Ce principe peut s’appeler l’étatisme, à condition que l’on donne au mot son sens total. C’est autre chose que la dictature. C’est autre chose que la tendance bourgeoise à faire supporter par l’État les déficits des particuliers. L’étatisme, au sens fort du terme, c’est la prise au sérieux systématique, la réalisation systématique des rêveries plus ou moins naïves que nourrissent [p. 340] dans nos bons pays les « nationaux » et en même temps les « socialistes ».
Les nazis ont compris que le socialisme économique n’est que la moitié d’une doctrine : l’État ne sera maître de l’argent que s’il est maître des esprits. Ils ont tiré la grande leçon de la guerre ; pour réussir à concentrer l’économie, il faut l’appui d’une mystique, qui paralyse les éléments d’opposition. Tout « étatisme » (au sens atténué du xixe) est condamné de nos jours à se vouloir franchement totalitaire, sinon c’est l’échec assuré. Il lui faut la fameuse confiance, et une confiance disciplinée, à toute épreuve. Seule la mystique nationaliste la lui donnera. Ainsi le socialisme « nationalise » l’économie ; et le nationalisme « socialise » le sentiment patriotique. L’un n’est plus possible sans l’autre, dans l’état de nos sociétés. On peut n’aimer ni l’un ni l’autre, mais il serait un peu stupide de croire encore qu’on puisse choisir, qu’il soit intéressant de choisir entre les phénomènes tertiaires (fascisme, totalitarisme) et les phénomènes secondaires (nationalisme et socialisme) d’une maladie aussi vieille que, l’Europe, et qui est sa P. G. politique.

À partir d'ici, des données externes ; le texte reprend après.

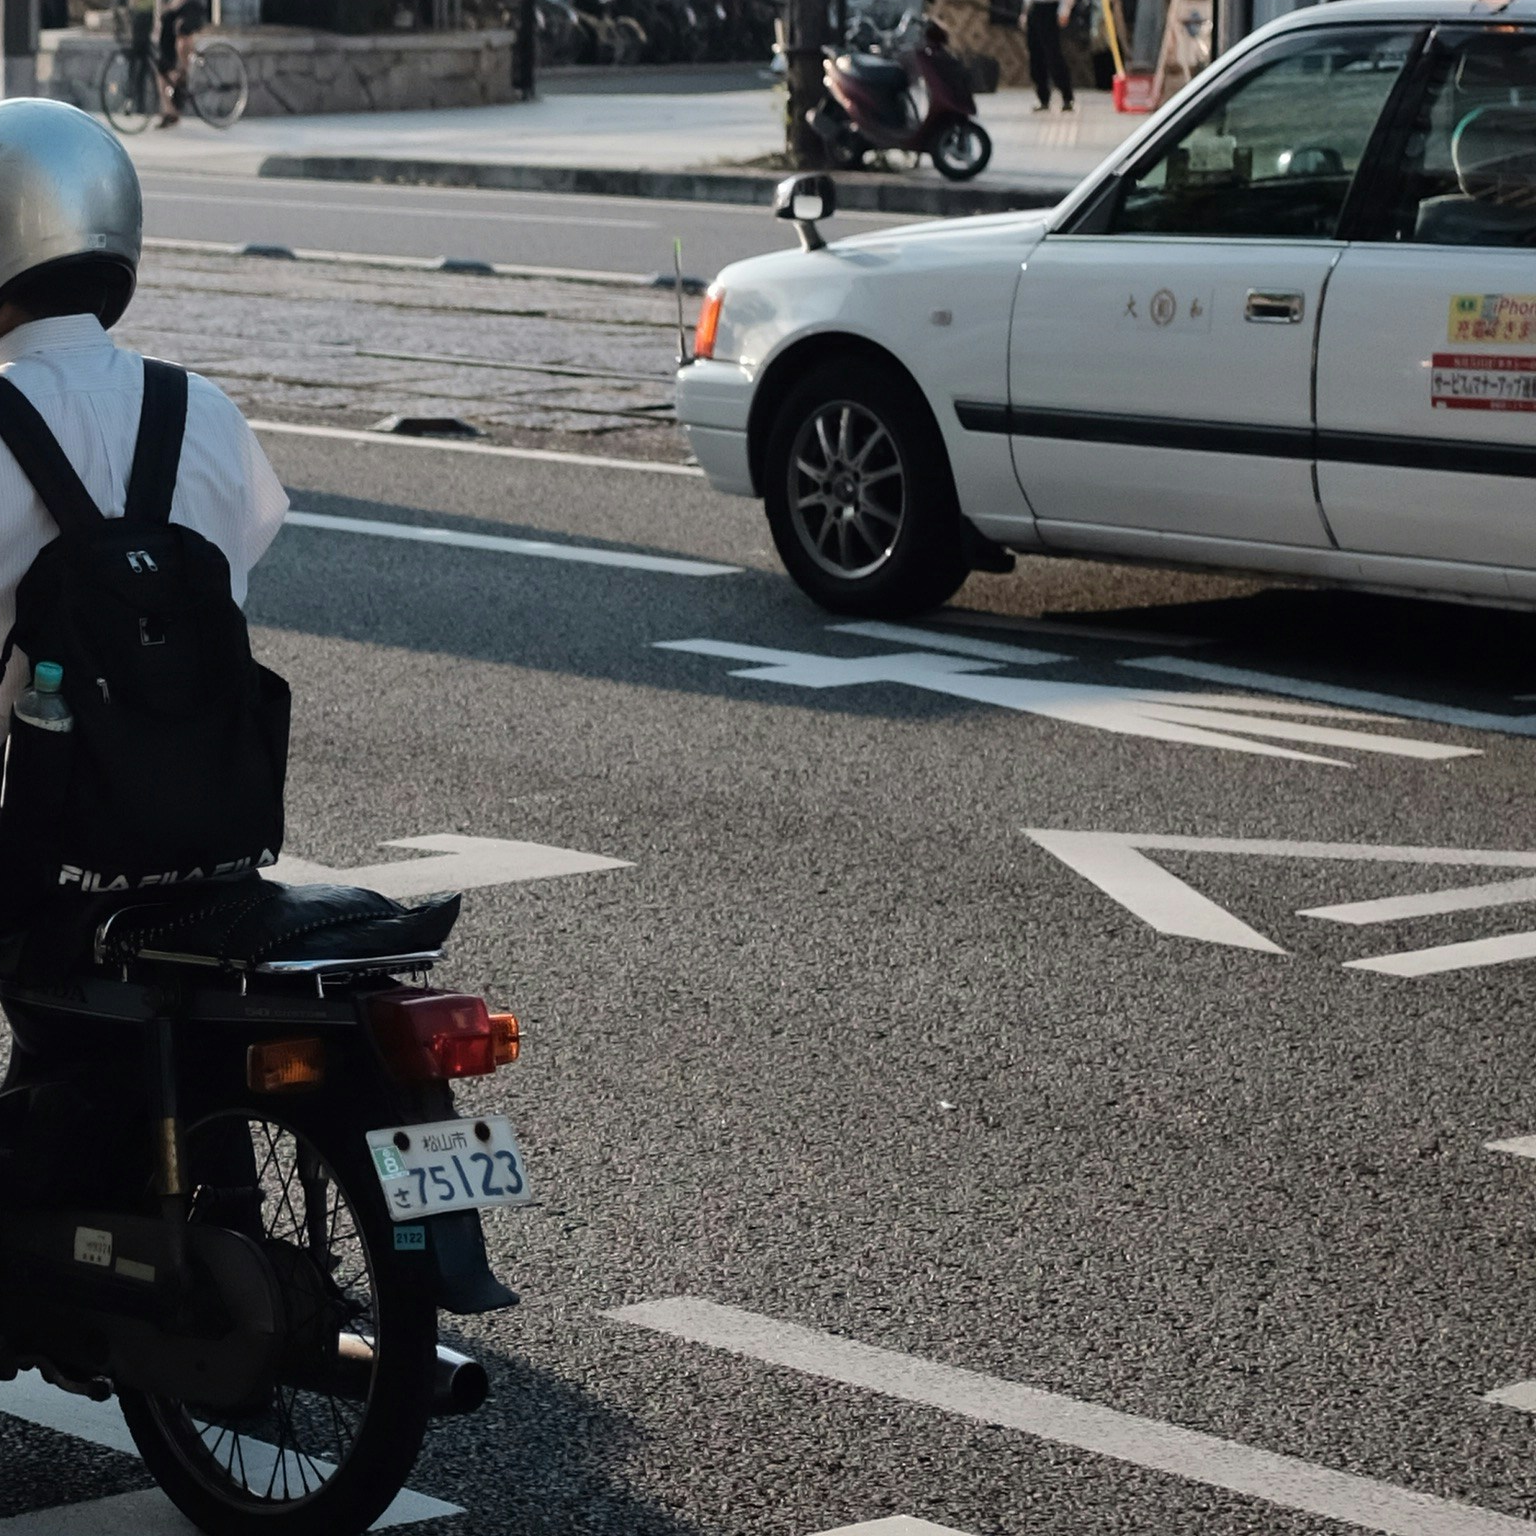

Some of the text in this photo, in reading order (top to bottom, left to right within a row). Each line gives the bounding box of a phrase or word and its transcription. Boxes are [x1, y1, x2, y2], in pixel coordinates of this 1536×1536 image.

Ainsi l’État devient l’expression unique (plus encore que le synonyme) de la nation, de l’économie, de la culture, de la race, et de la société. Formule d’oppression maximum ? C’est entendu, c’est tellement entendu qu’il reste alors à se demander comment, tout de même, c’est possible ; comment des hommes, des millions d’hommes, peuvent aimer cela.

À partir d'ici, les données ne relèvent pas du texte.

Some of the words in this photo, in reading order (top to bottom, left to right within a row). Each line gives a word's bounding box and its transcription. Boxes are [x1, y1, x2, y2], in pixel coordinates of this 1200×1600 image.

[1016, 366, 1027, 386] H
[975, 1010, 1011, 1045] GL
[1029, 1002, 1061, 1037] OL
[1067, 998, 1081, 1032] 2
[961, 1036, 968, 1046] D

Je l’ai compris en entendant le Führer ; par ce frisson de l’horreur sacrée. Si l’on n’a pas senti cela, je crains qu’on ne comprenne jamais la raison simple des triomphes totalitaires.
Évidemment, il sera toujours possible d’invoquer les lois économiques, les forces relatives des partis et des classes avant 1933, les circonstances politiques de l’Europe, le traité de Versailles, la décomposition des gauches, le double jeu du grand capital soutenant Hitler contre les marxistes et papen contre Hitler : tout cela est bel et bon, et fournit de la copie aux marxistes et aux libéraux. À les lire, on conçoit très bien comment la mécanique a joué en fait, et que c’était fatal, et que c’est très dangereux. Reste à savoir pourquoi cela s’est réalisé. Car on ne nous parle jamais que du comment. Et les « explications » qu’on nous fournit se réduisent en définitive à une reconstruction plus ou moins cohérente des phénomènes apparents, c’est-à-dire [p. 341] à une description. Et dès lors qu’il s’agit de phénomènes aussi complexes, on n’a pas de mal à faire « coller » cette description avec telle doctrine qu’on voudra : il suffit de choisir ses exemples. Mais ce qu’on laisse toujours échapper, c’est le principe d’actualisation des phénomènes, ou si j’ose dire : c’est la grâce efficace. Les choses ont tourné de telle sorte ; et l’on explique au nom d’une doctrine, convenablement réadaptée, qu’elles ne pouvaient tourner que de cette sorte. Voilà pourquoi votre fille est muette. Les mêmes théoriciens, en 1932, vous démontraient, Le Capital en main, que la situation allemande conduisait droit au communisme. Ce qui m’effraye, c’est leur souplesse dans l’erreur. Il a fallu si peu changer pour « expliquer » à l’aide des mêmes schémas que le contraire se soit produit en fait… Dernière défense du capital, récitent sans se lasser les marxistes. Hystérie collective, disent les rationalistes. Tyrannie, disent les démocrates. Autant de mots vides ou de mensonges pour les fidèles du culte allemand. Il ne s’agit ici que de religion.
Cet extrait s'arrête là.